Dabei wurde festgestellt, dass in den Stadtzentren viele traditionelle Gebäude leerstehen. Es sind ehemalige Regierungsgebäude oder aber solche die mit der Zeit veraltet sind und kein normaler Mietbedarf vorhanden ist. Der Eigentümer zahlt dann auch keine Haussteuer mehr und im Laufe der Jahre steigt der Schuldenberg derart, dass das Immobil der Stadtverwaltung zufällt. Damit dies nun verhindert wird, hat sich mittlerweile eine Hausbesetzungswelle entwickelt.

Der Eigentümer setzt sich meistens über einen Rechtsanwalt mit den Sozialbewegungen der “sem tetos”  in Verbindung, animiert die Hausbesetzung durch Obdachlose, die wiederum von der Bewegung geführt und gesteuert wird.
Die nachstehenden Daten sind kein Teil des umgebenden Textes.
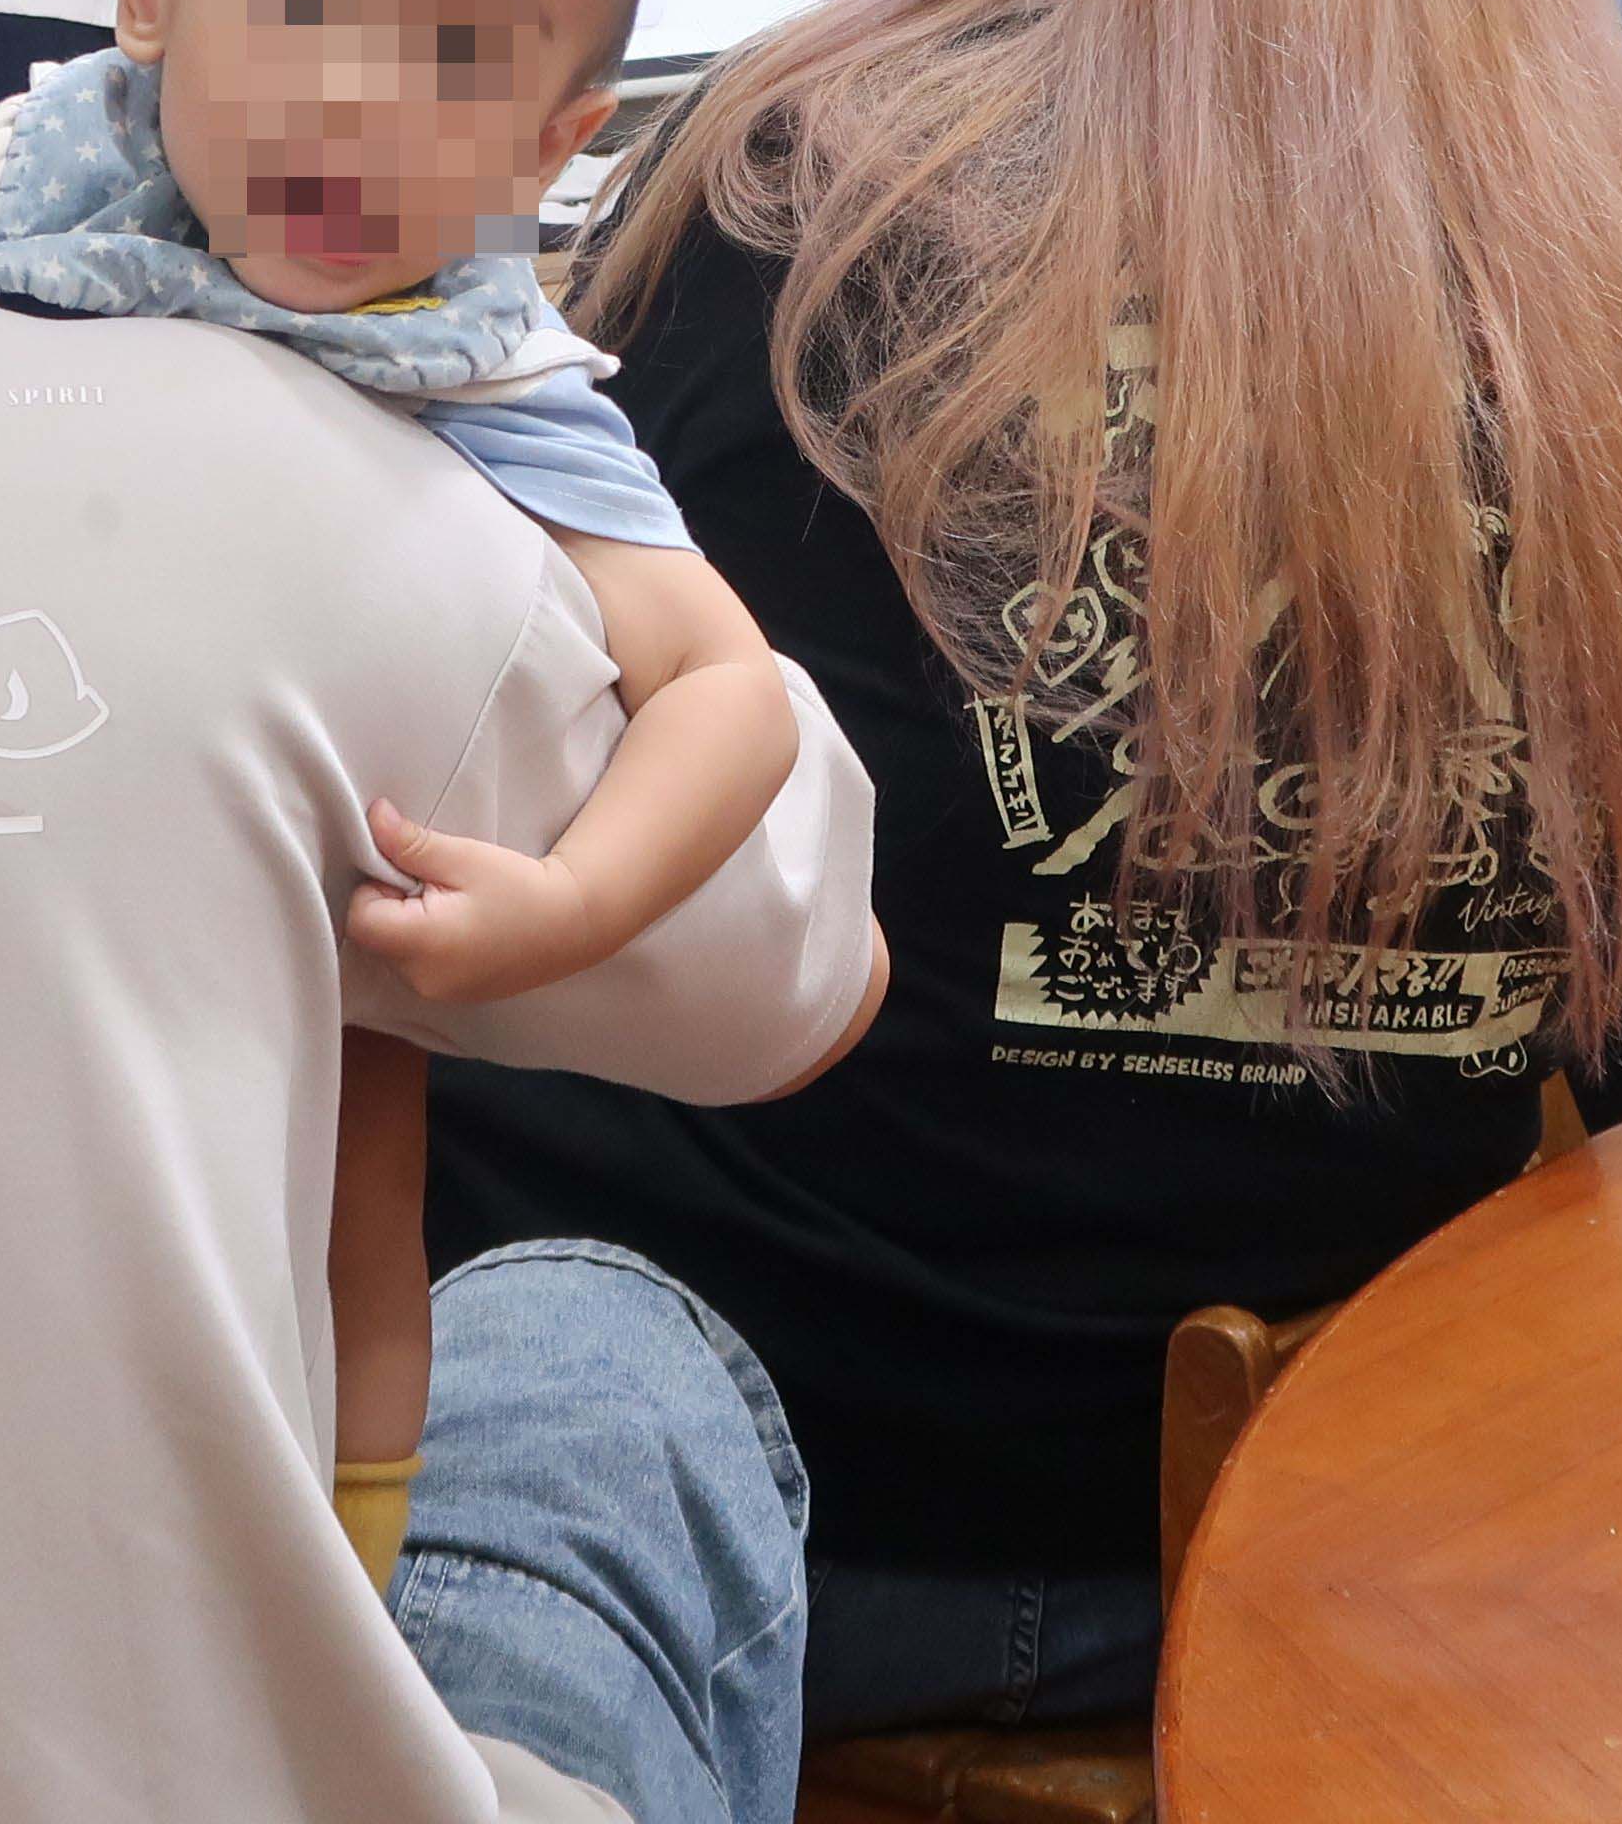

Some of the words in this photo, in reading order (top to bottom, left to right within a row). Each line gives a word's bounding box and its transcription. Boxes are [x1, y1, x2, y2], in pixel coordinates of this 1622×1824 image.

[7, 382, 107, 408] SPIRIT
[1069, 891, 1189, 934] あまして
[1307, 998, 1473, 1029] NSHAKABLE
[992, 1044, 1076, 1068] DESIGN
[1080, 1049, 1116, 1071] BY
[1122, 1054, 1234, 1083] SENSELESS
[1240, 1062, 1307, 1086] BRAND
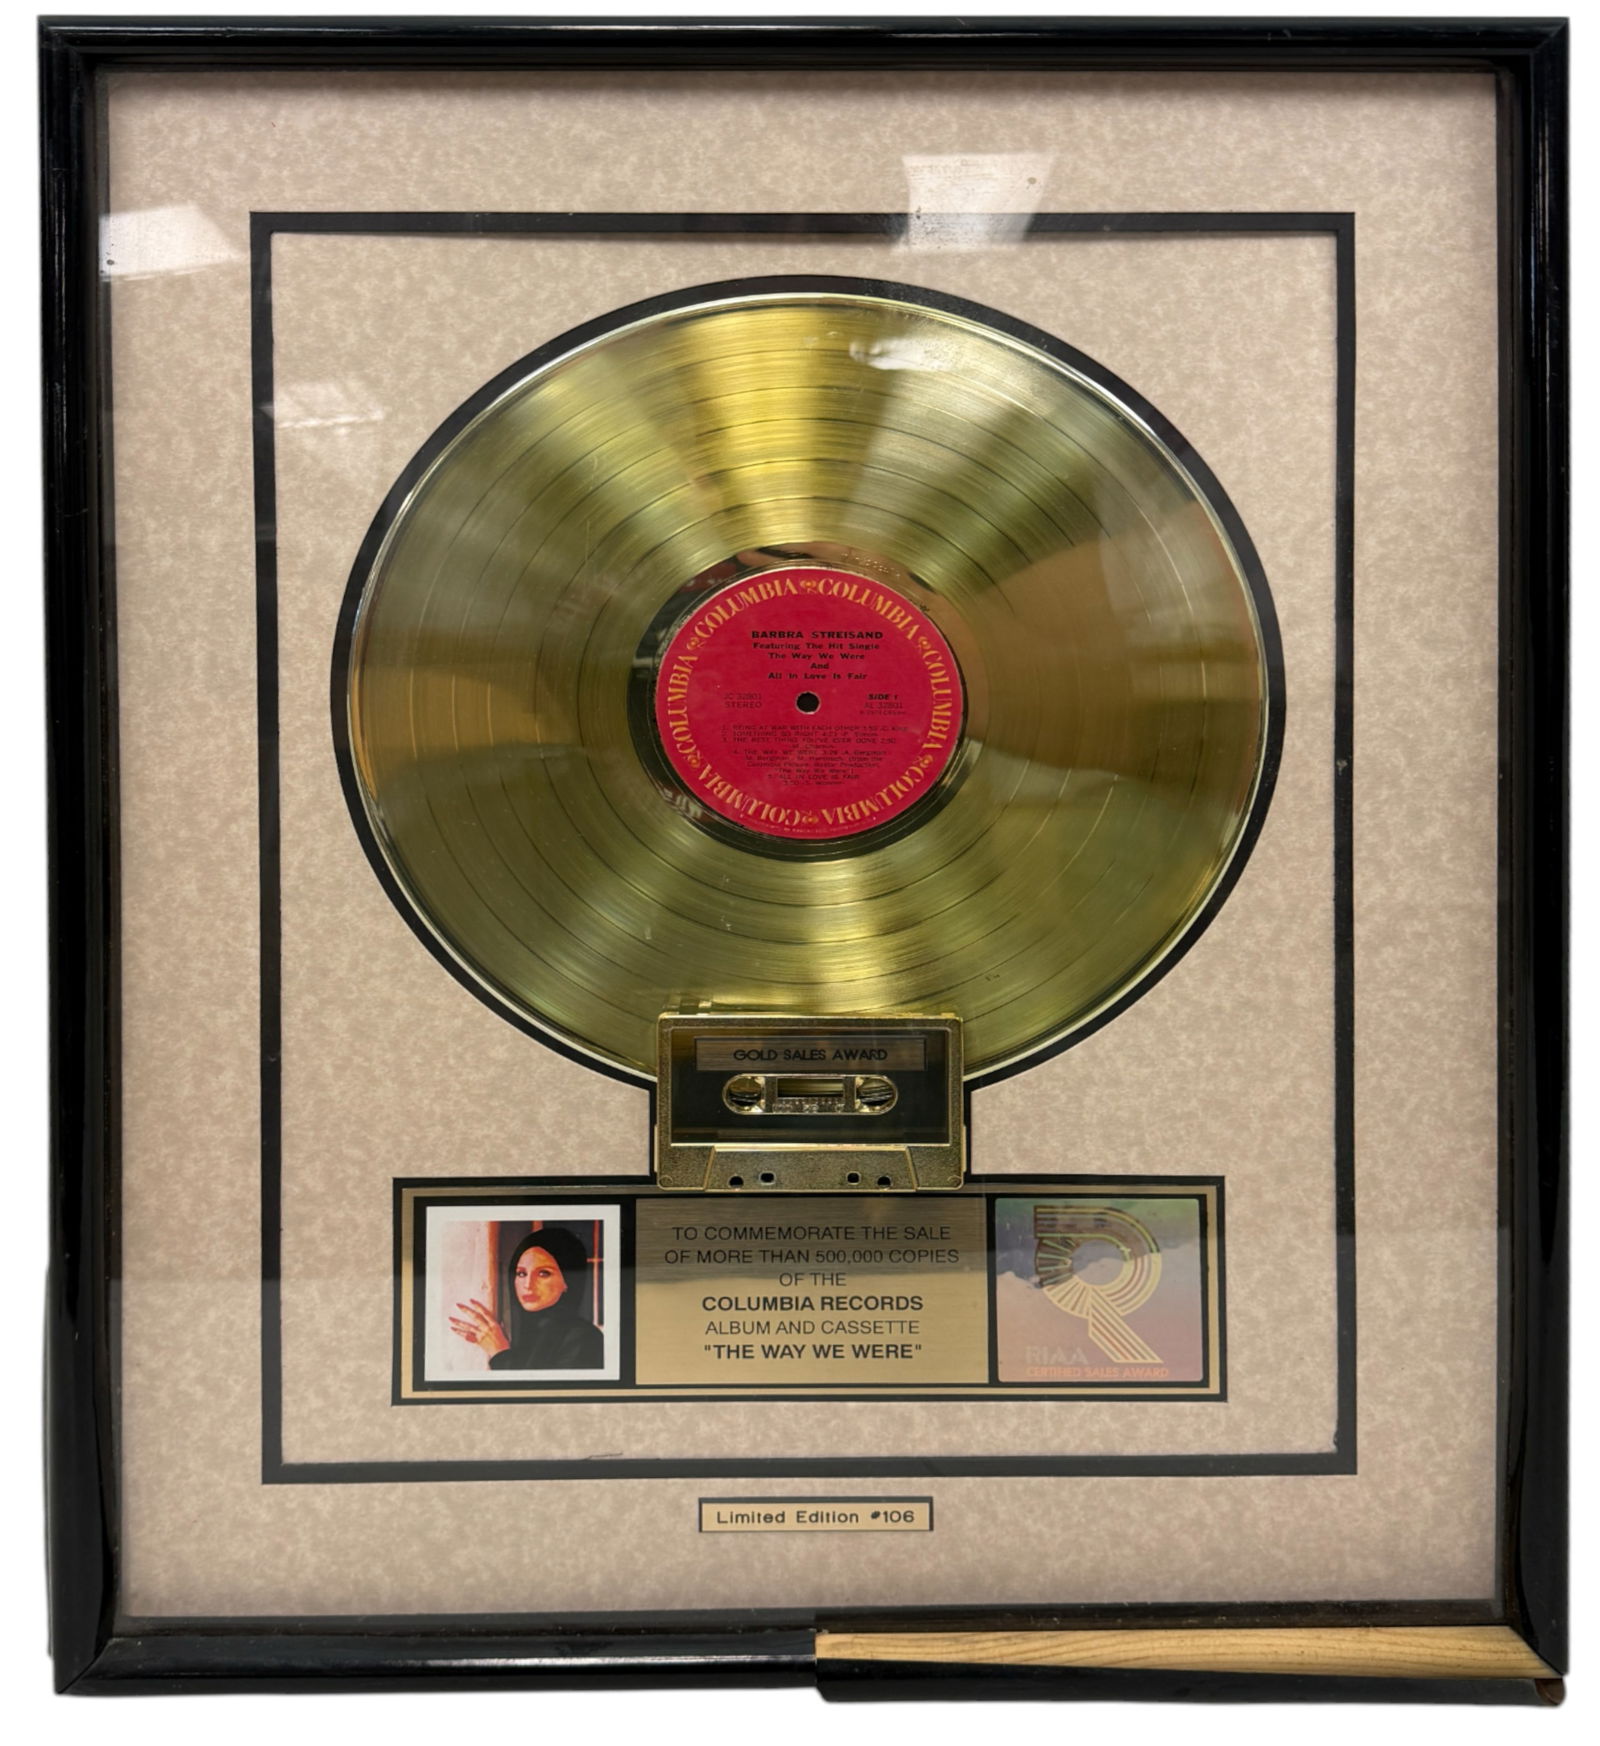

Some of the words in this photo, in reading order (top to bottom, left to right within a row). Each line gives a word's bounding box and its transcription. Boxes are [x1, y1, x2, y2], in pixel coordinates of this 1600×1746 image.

[695, 578, 798, 639] COLUMBIA
[817, 578, 920, 640] COLUMBIA
[752, 631, 804, 639] BARBRA
[811, 631, 884, 639] STREISAND
[752, 643, 801, 651] Featuring
[848, 643, 880, 651] Single
[768, 652, 786, 660] The
[792, 652, 812, 660] Way
[818, 652, 834, 660] We
[840, 652, 865, 660] Were
[810, 662, 830, 670] And
[768, 672, 782, 680] All
[789, 672, 798, 680] In
[804, 672, 827, 680] Love
[833, 672, 841, 680] Is
[847, 672, 868, 680] Fair
[667, 655, 698, 755] COLUMBIA
[725, 701, 763, 709] STEREO
[922, 651, 953, 749] COLUMBIA
[698, 764, 800, 826] COLUMBIA
[820, 765, 925, 825] COLUMBIA
[733, 1049, 778, 1062] GOLD
[784, 1049, 826, 1062] SALES
[832, 1049, 888, 1062] AWARD
[672, 1226, 698, 1241] TO
[704, 1226, 855, 1241] COMMEMORATE
[861, 1226, 897, 1241] THE
[903, 1226, 951, 1241] SALE
[664, 1250, 690, 1264] OF
[696, 1250, 753, 1264] MORE
[758, 1250, 810, 1264] THAN
[815, 1250, 884, 1264] 500,000
[888, 1250, 960, 1264] COPIES
[779, 1272, 805, 1287] OF
[809, 1272, 847, 1287] THE
[702, 1296, 815, 1311] COLUMBIA
[820, 1296, 924, 1311] RECORDS
[705, 1320, 771, 1335] ALBUM
[775, 1320, 816, 1335] AND
[820, 1320, 920, 1335] CASSETTE
[704, 1344, 755, 1359] "THE
[761, 1344, 806, 1359] WAY
[812, 1344, 845, 1359] WE
[851, 1344, 922, 1359] WERE"
[1025, 1346, 1089, 1365] RIAA
[1027, 1366, 1082, 1378] CERTIFIED
[1085, 1366, 1120, 1378] SALES
[1122, 1366, 1171, 1378] AWARD
[716, 1510, 786, 1524] Limited
[796, 1510, 859, 1524] Edition
[870, 1510, 915, 1524] #106
Diese stellt den Antrag auf Enteignung des Gebäudes und die Stadtverwaltung zahlt dem Eigentümer noch eine Enteignungsentschädigung, wovon die Sozialbewegung auch noch ihren Anteil erhält. Damit ist allen geholfen, nur die Stadtverwaltung bezahlt und muss für die Instanthaltung der Gebäude sorgen.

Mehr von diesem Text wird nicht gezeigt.